__TASK DIRECTIONS__:
When you transcribe the entries, reproduce every character and exclude the images.

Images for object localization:

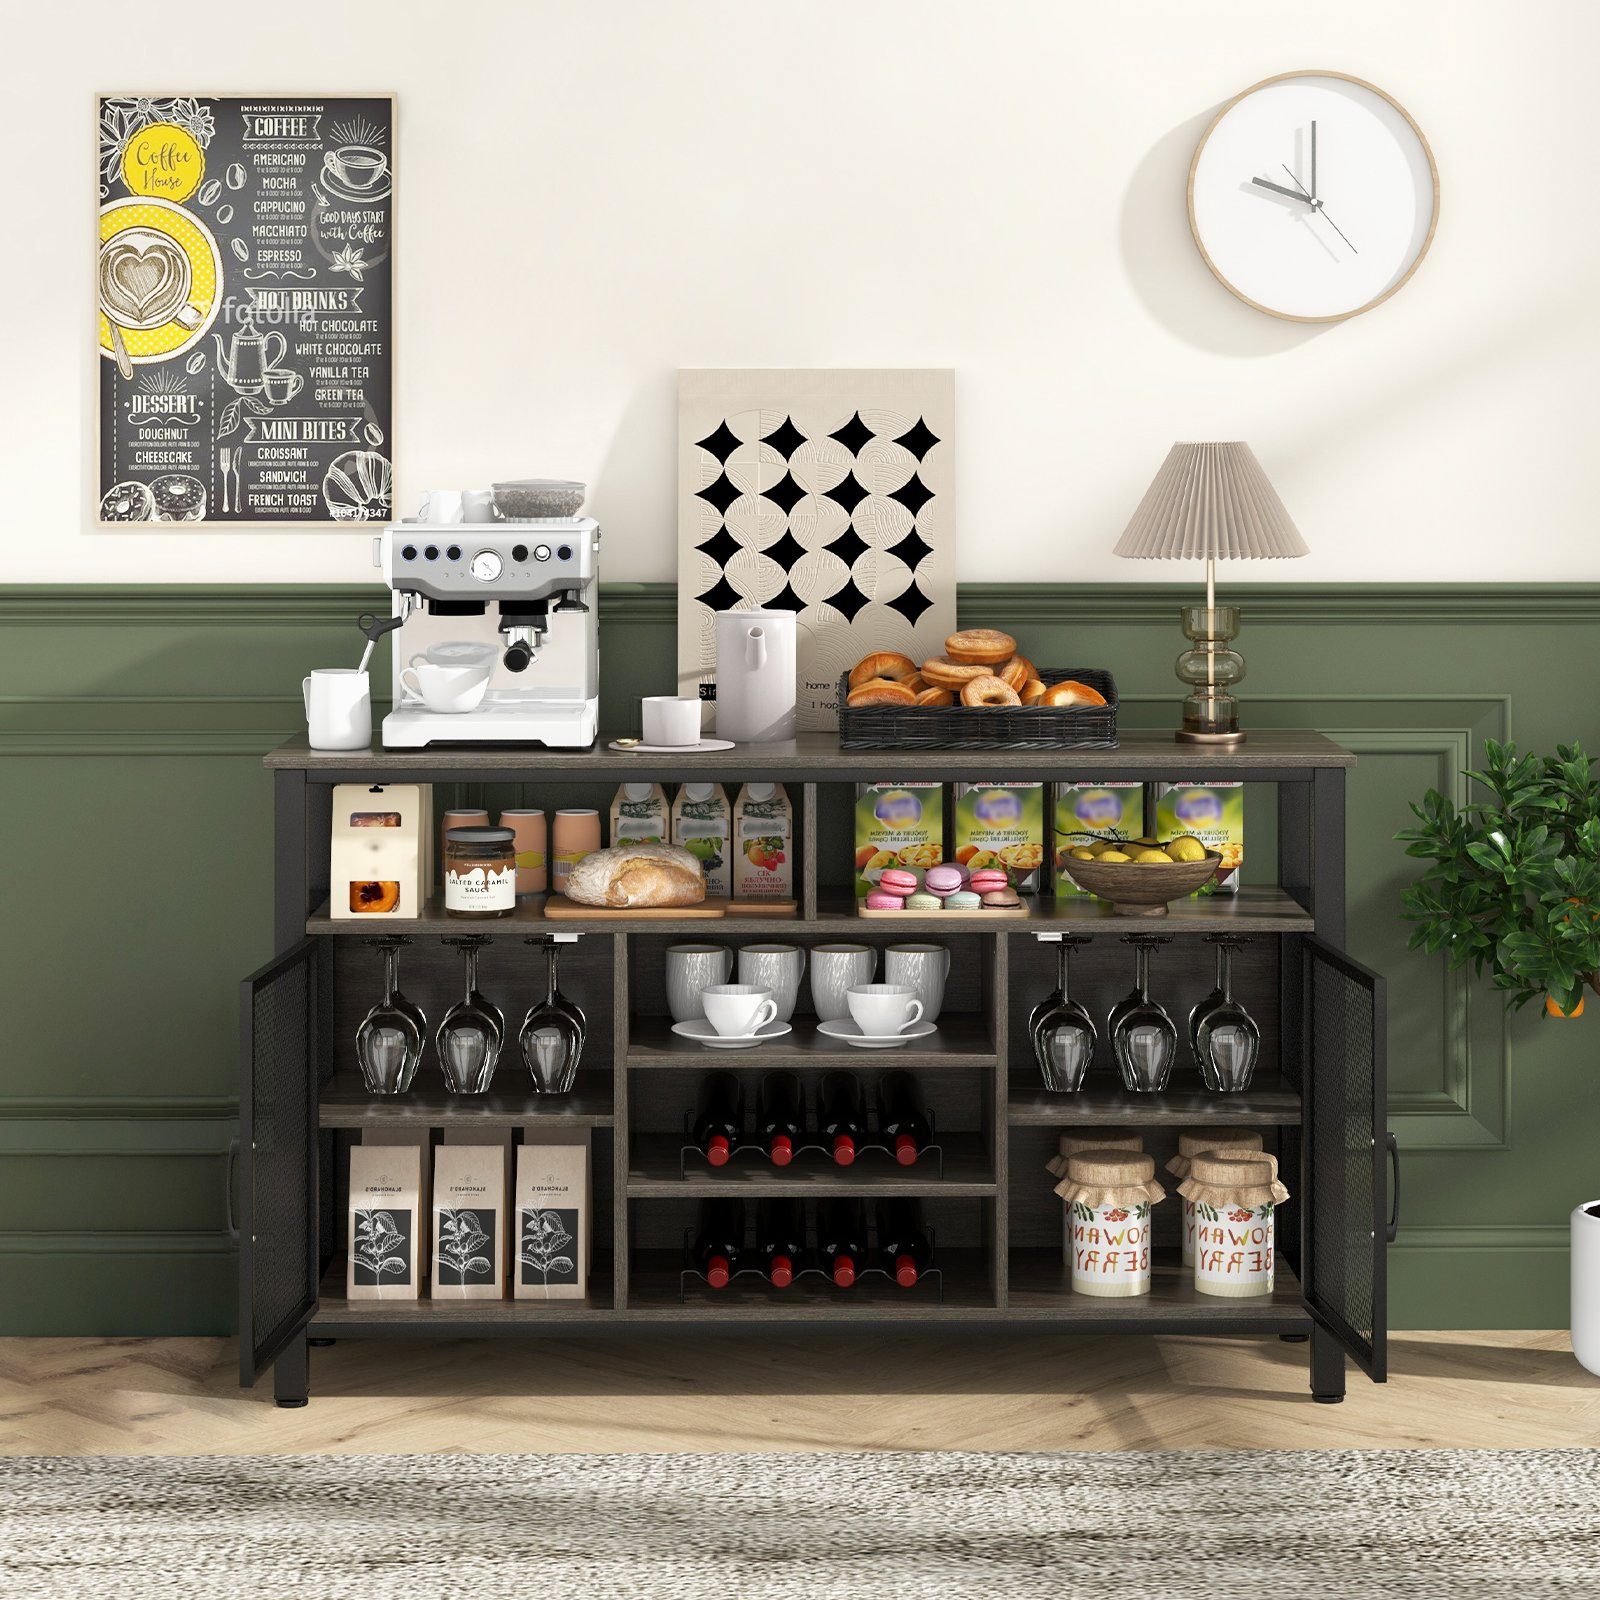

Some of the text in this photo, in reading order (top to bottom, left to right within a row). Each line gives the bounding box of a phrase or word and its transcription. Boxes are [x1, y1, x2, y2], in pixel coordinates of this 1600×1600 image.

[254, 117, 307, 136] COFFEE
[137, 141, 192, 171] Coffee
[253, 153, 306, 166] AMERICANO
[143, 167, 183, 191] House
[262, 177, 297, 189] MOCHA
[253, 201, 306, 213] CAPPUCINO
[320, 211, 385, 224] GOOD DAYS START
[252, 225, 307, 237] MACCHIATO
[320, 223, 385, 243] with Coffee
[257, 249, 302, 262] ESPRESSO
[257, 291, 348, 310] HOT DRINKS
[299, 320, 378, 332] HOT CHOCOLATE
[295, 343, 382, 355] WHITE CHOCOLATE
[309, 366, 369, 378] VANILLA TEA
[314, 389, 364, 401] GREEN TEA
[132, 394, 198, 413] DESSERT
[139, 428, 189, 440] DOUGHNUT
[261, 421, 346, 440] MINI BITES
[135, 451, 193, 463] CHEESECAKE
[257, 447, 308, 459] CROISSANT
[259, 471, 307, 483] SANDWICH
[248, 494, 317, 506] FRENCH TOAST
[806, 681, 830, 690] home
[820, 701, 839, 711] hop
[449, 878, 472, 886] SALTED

__EXPECTED ANSWER__:
Some of the text in this photo, in reading order (top to bottom, left to right within a row). Each line gives the bounding box of a phrase or word and its transcription. Boxes are [x1, y1, x2, y2], in pixel coordinates of this 1600×1600 image.

[254, 117, 307, 136] COFFEE
[137, 141, 192, 171] Coffee
[253, 153, 306, 166] AMERICANO
[143, 167, 183, 191] House
[262, 177, 297, 189] MOCHA
[253, 201, 306, 213] CAPPUCINO
[320, 211, 385, 224] GOOD DAYS START
[252, 225, 307, 237] MACCHIATO
[320, 223, 385, 243] with Coffee
[257, 249, 302, 262] ESPRESSO
[257, 291, 348, 310] HOT DRINKS
[299, 320, 378, 332] HOT CHOCOLATE
[295, 343, 382, 355] WHITE CHOCOLATE
[309, 366, 369, 378] VANILLA TEA
[314, 389, 364, 401] GREEN TEA
[132, 394, 198, 413] DESSERT
[139, 428, 189, 440] DOUGHNUT
[261, 421, 346, 440] MINI BITES
[135, 451, 193, 463] CHEESECAKE
[257, 447, 308, 459] CROISSANT
[259, 471, 307, 483] SANDWICH
[248, 494, 317, 506] FRENCH TOAST
[806, 681, 830, 690] home
[820, 701, 839, 711] hop
[449, 878, 472, 886] SALTED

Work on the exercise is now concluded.